*GOAL OF THE EXERCISE:* If you see a picture in the data below, omit it and copy the rest exactly.

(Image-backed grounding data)

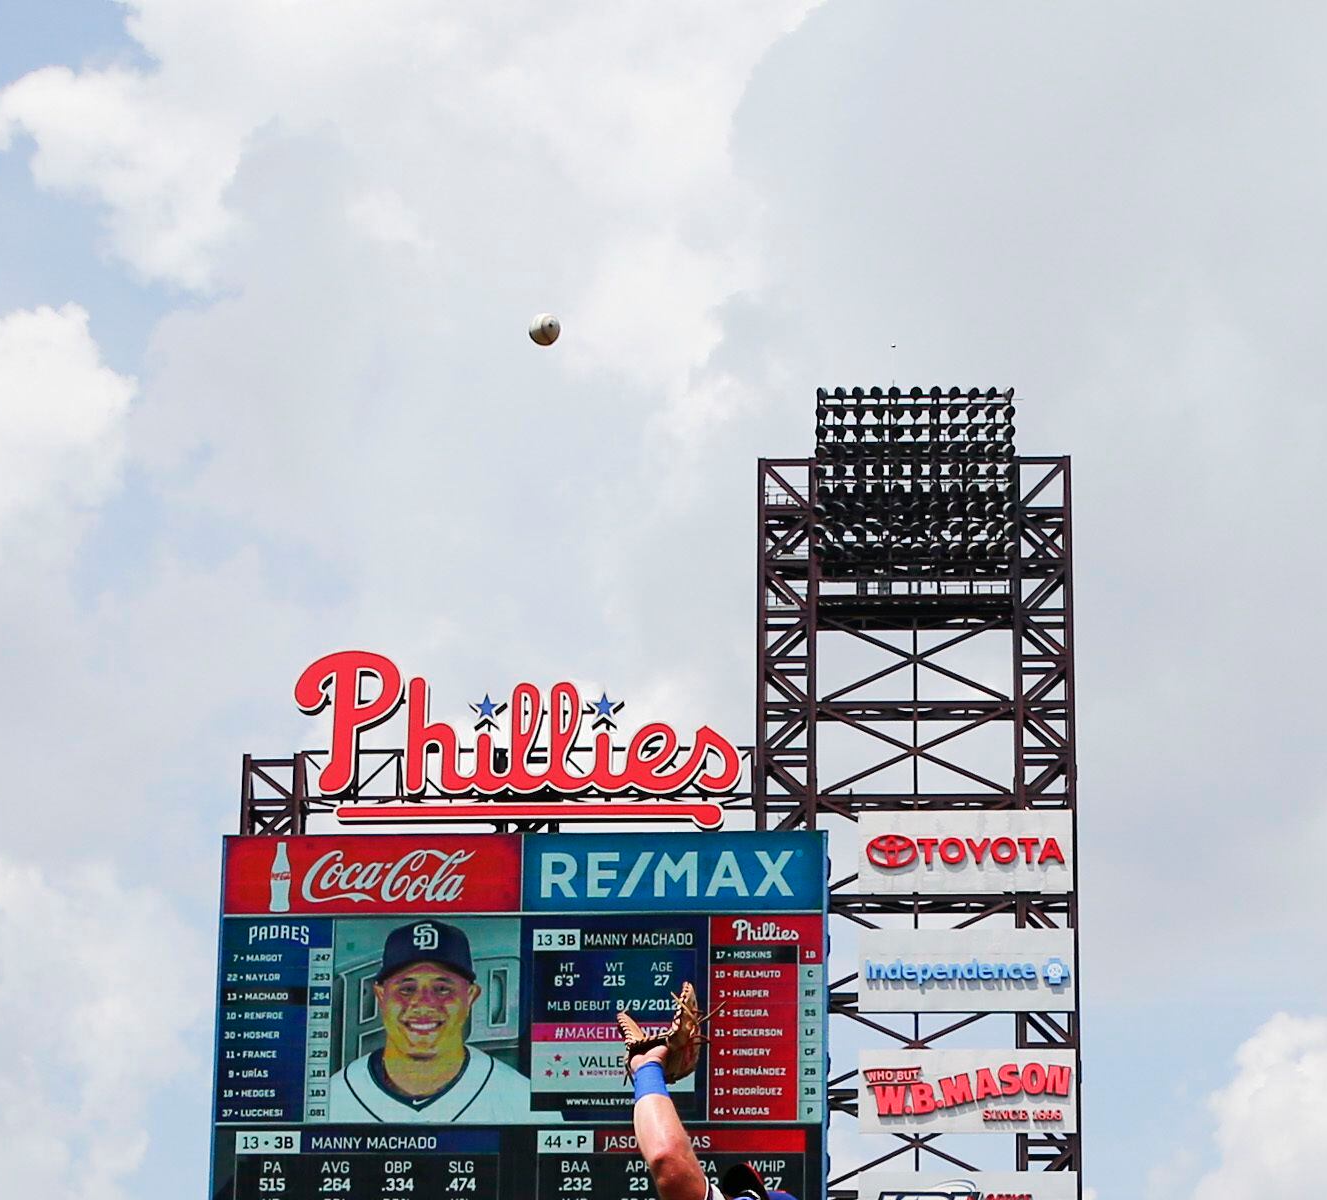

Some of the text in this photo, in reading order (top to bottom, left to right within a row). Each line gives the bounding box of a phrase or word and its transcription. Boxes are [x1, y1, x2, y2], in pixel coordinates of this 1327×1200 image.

[295, 649, 742, 794] Phillies
[917, 837, 1065, 864] TOYOTA
[302, 850, 476, 902] Coca-Cola
[540, 851, 794, 898] RE/MAX
[248, 924, 309, 945] PADRES
[732, 919, 799, 942] Phillies
[537, 933, 693, 946] 13 3B MANNY MACHADO
[246, 953, 282, 962] MARGOT
[733, 950, 772, 959] HOSKINS
[560, 962, 673, 972] HT WT AGE
[865, 959, 1036, 985] Independence
[245, 973, 281, 982] NAYLOR
[733, 970, 780, 978] REALMUTO
[603, 975, 625, 987] 215
[654, 974, 669, 986] 27
[244, 992, 289, 1001] MACHADO
[733, 989, 769, 998] HARPER
[547, 1000, 572, 1011] MLB
[574, 1000, 610, 1011] DEBUT
[244, 1011, 283, 1020] RENFROE
[733, 1009, 768, 1018] SEGURA
[243, 1031, 280, 1040] HOSMER
[733, 1028, 783, 1037] DICKERSON
[242, 1050, 277, 1059] FRANCE
[733, 1048, 771, 1057] KINGERY
[242, 1068, 268, 1078] URÍAS
[732, 1065, 786, 1076] HERNÁNDEZ
[867, 1069, 919, 1082] WHO BUT
[241, 1089, 275, 1098] HEDGES
[732, 1085, 783, 1096] RODRÍGUEZ
[240, 1109, 283, 1117] LUCCHESI
[732, 1106, 770, 1115] VARGAS
[983, 1109, 1028, 1121] SINCE
[242, 1136, 437, 1150] 13 3B MANNY MACHADO
[544, 1135, 586, 1148] 44 P
[263, 1161, 474, 1174] PA AVG OBP SLG
[561, 1161, 590, 1173] BAA
[259, 1177, 476, 1192] 515 .264 .334 .474
[558, 1178, 592, 1191] .232

*TASK ANSWER:*
Some of the text in this photo, in reading order (top to bottom, left to right within a row). Each line gives the bounding box of a phrase or word and its transcription. Boxes are [x1, y1, x2, y2], in pixel coordinates of this 1327×1200 image.

[295, 649, 742, 794] Phillies
[917, 837, 1065, 864] TOYOTA
[302, 850, 476, 902] Coca-Cola
[540, 851, 794, 898] RE/MAX
[248, 924, 309, 945] PADRES
[732, 919, 799, 942] Phillies
[537, 933, 693, 946] 13 3B MANNY MACHADO
[246, 953, 282, 962] MARGOT
[733, 950, 772, 959] HOSKINS
[560, 962, 673, 972] HT WT AGE
[865, 959, 1036, 985] Independence
[245, 973, 281, 982] NAYLOR
[733, 970, 780, 978] REALMUTO
[603, 975, 625, 987] 215
[654, 974, 669, 986] 27
[244, 992, 289, 1001] MACHADO
[733, 989, 769, 998] HARPER
[547, 1000, 572, 1011] MLB
[574, 1000, 610, 1011] DEBUT
[244, 1011, 283, 1020] RENFROE
[733, 1009, 768, 1018] SEGURA
[243, 1031, 280, 1040] HOSMER
[733, 1028, 783, 1037] DICKERSON
[242, 1050, 277, 1059] FRANCE
[733, 1048, 771, 1057] KINGERY
[242, 1068, 268, 1078] URÍAS
[732, 1065, 786, 1076] HERNÁNDEZ
[867, 1069, 919, 1082] WHO BUT
[241, 1089, 275, 1098] HEDGES
[732, 1085, 783, 1096] RODRÍGUEZ
[240, 1109, 283, 1117] LUCCHESI
[732, 1106, 770, 1115] VARGAS
[983, 1109, 1028, 1121] SINCE
[242, 1136, 437, 1150] 13 3B MANNY MACHADO
[544, 1135, 586, 1148] 44 P
[263, 1161, 474, 1174] PA AVG OBP SLG
[561, 1161, 590, 1173] BAA
[259, 1177, 476, 1192] 515 .264 .334 .474
[558, 1178, 592, 1191] .232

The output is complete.